Remember that billion-dollar drug idea that got little Nimbus on Gilead’s radar back in 2016? Well, the folks behind that drug are building a whole platform on a similar concept. And they’re not just tackling NASH, but a whole lineup of previously undruggable targets.
The venture, called HotSpot Therapeutics, came out Tuesday with news that it’s being backed by Nimbus’ lead investor — Atlas Venture — in a $45 million Series A round co-led by Sofinnova.
HotSpot was launched last year by Geraldine Harriman, the former Nimbus executive who led the company’s NASH program — the very one that earned the Boston biotech a $1.2 billion partnership with Gilead. That drug, at the time called NDI-01097, used a way (relatively new to pharma) to manipulate proteins outside the active site, going instead after something called “regulatory hotspots.” These, I’m told, are allosteric sites that the body uses to regulate protein function. Harriman says targeting these hotspots could be a boon for drug development, which is why she’s co-founded an entirely new venture on the concept.
“The active sites of proteins tend to look a lot like each other, so getting molecules that can be selective is a hurdle,” she said. “It takes a lot of effort and sometimes the problem isn’t solved. Regulatory hotspots, on other hand, are how nature controls the proteins — turning things on and off. And regulatory hotspots are unique to the protein.”
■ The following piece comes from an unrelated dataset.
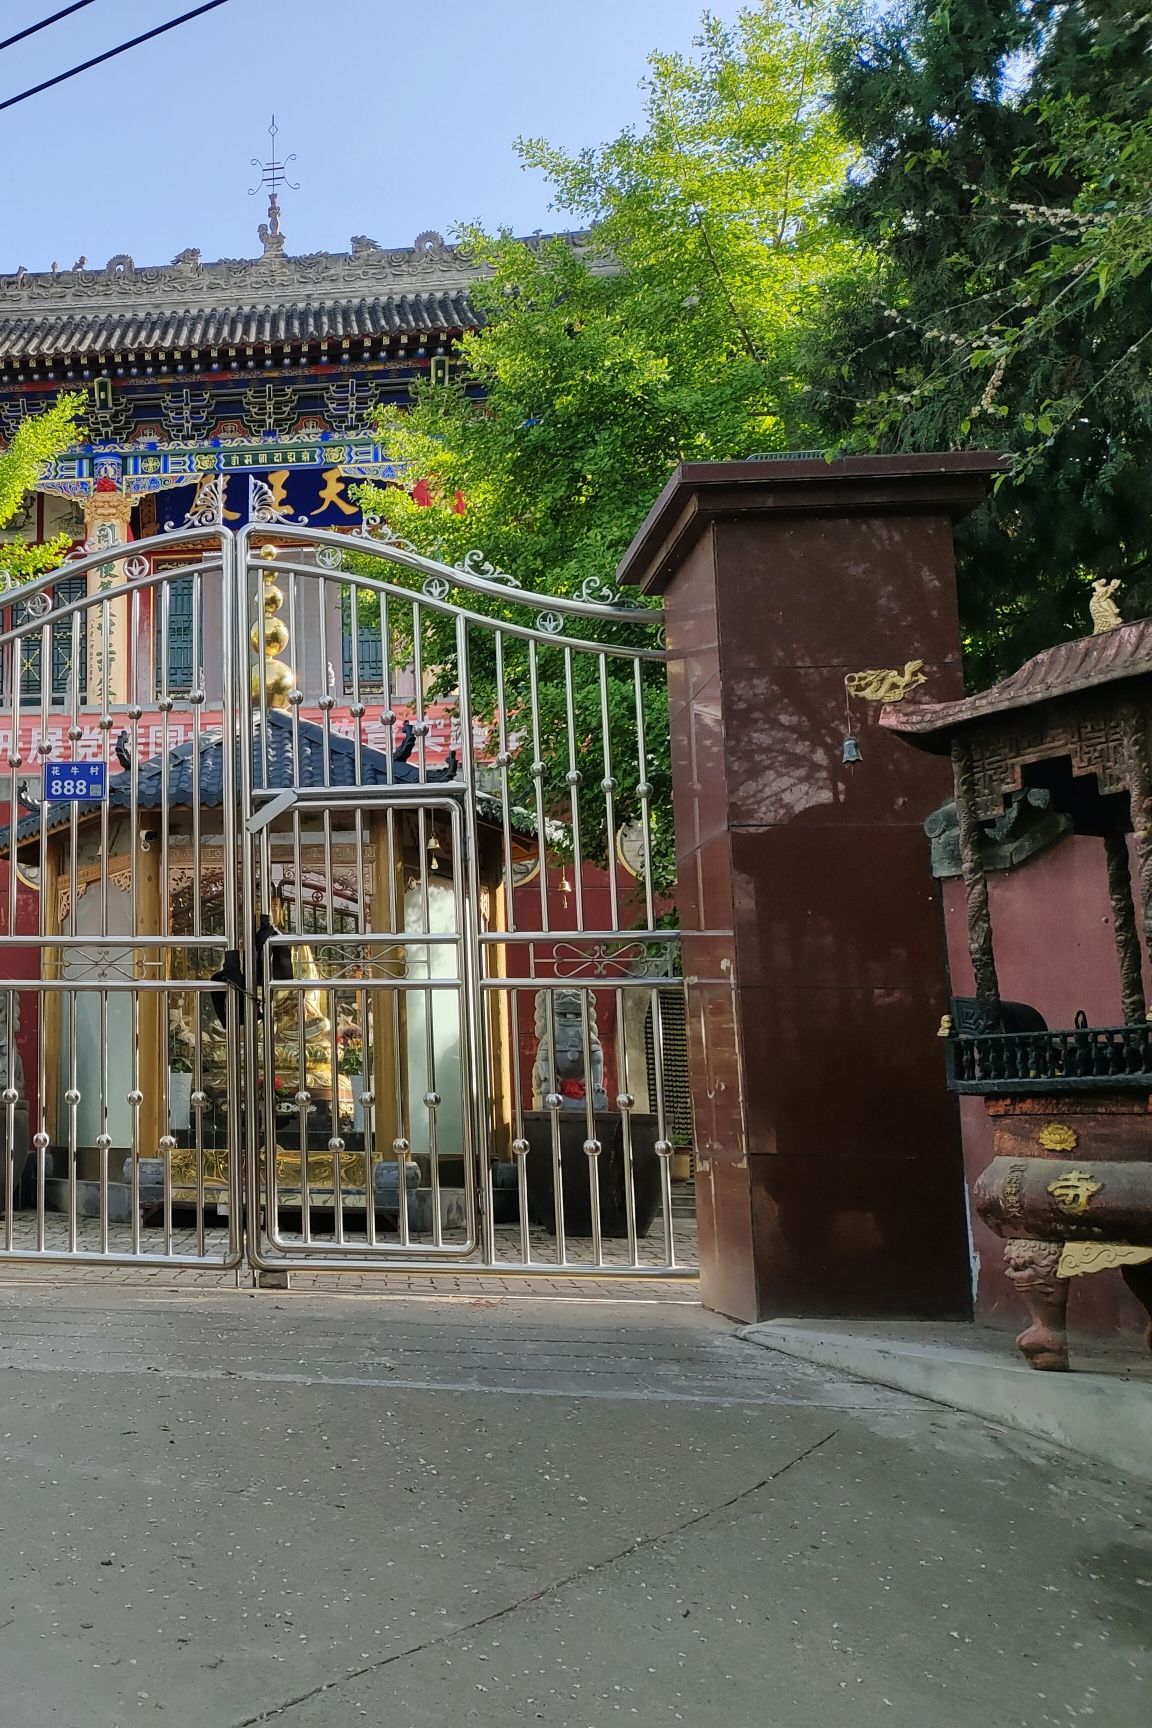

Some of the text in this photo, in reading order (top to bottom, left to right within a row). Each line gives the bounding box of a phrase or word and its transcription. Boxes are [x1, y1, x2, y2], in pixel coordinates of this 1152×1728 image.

[51, 766, 99, 776] 花牛村
[51, 780, 87, 795] 888
[1047, 1168, 1104, 1216] 寺
Shortly after the Gilead deal, Harriman, together with another ex-Nimbus exec Jonathan Montagu, formed HotSpot to harness what they know about regulatory hotspots to build a whole slew of drug programs. Montagu is serving as HotSpot’s CEO, while Harriman is CSO.
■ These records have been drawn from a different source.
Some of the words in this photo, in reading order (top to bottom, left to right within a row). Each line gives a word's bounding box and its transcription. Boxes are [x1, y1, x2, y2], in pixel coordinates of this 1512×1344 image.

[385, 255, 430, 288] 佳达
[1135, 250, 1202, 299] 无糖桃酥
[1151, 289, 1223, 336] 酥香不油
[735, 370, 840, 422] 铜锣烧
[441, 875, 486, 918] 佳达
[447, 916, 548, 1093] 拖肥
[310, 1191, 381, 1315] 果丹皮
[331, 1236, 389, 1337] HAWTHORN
With its platform, the company says it’s identified regulatory hotspots in over 100 proteins spanning several pathways and diseases. Montagu says they’re homing in on immunology, immuno-oncology, and NASH.
Montagu says HotSpot has five programs in the pipeline, although they’re mum on details. We do know they’re targeting PKC-theta, which plays a role in autoimmune diseases, and S6 kinase, a metabolic enzyme involved in regulating hepatic insulin sensitivity and mitochondrial function.
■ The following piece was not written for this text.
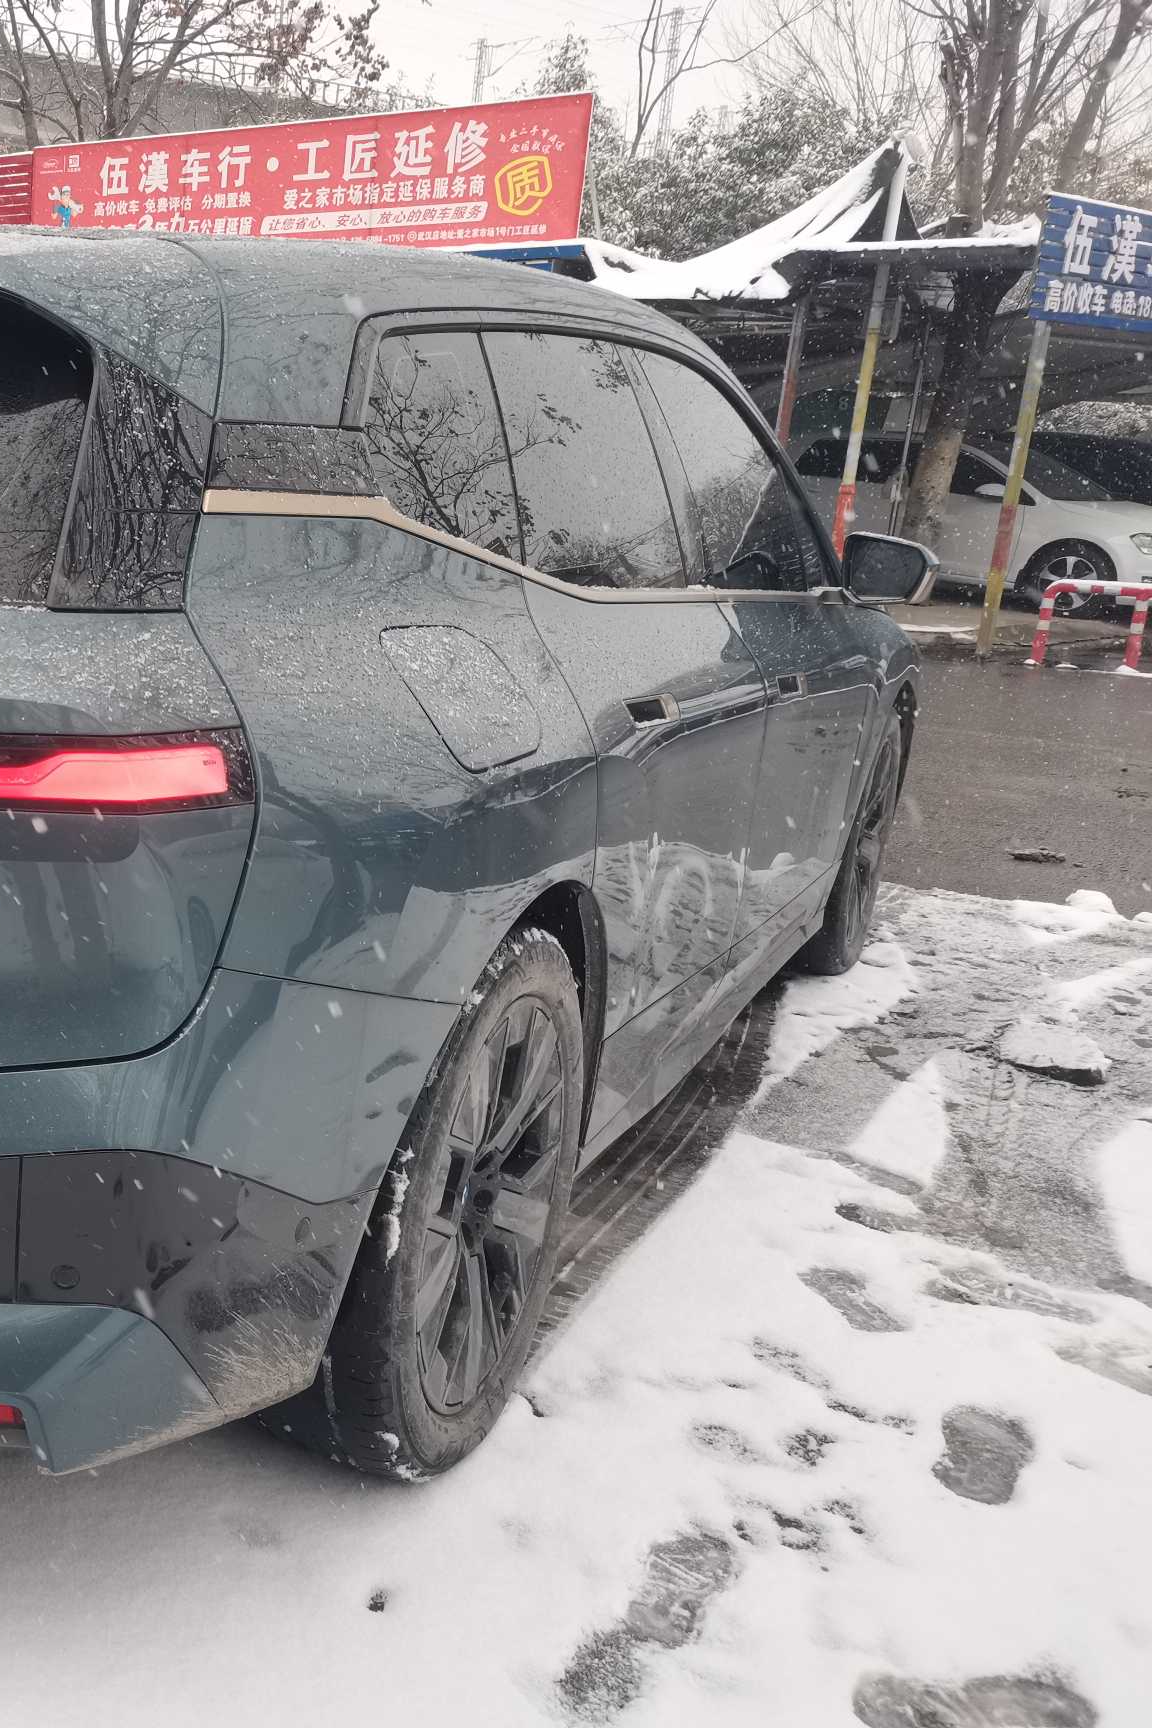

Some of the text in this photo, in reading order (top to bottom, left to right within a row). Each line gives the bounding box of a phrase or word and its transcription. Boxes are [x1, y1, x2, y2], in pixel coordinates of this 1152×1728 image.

[94, 191, 252, 217] 高价收车 免费评估 分期置换
[282, 174, 486, 210] 爱之家市场指定延保服务商
[1062, 204, 1152, 284] 伍漢
[1043, 279, 1152, 319] 高价收车 电话:18
Cementing its ties to Nimbus, HotSpot also sports the same chairman: Atlas Venture partner Bruce Booth.
“HotSpot’s elegant and systematic approach to allostery, focused uniquely on regulatory hotspots, sets it apart from everything else we have seen in the field,” Booth said in a statement. “From the outset, we knew that regulatory hotspots were critical to protein function and now we see vividly that the known footprint of the natural protein ligand accelerates our chemistry efforts. HotSpot is changing the way allosteric drug discovery is conducted in a profound way and Atlas is very excited about the launch of this company.”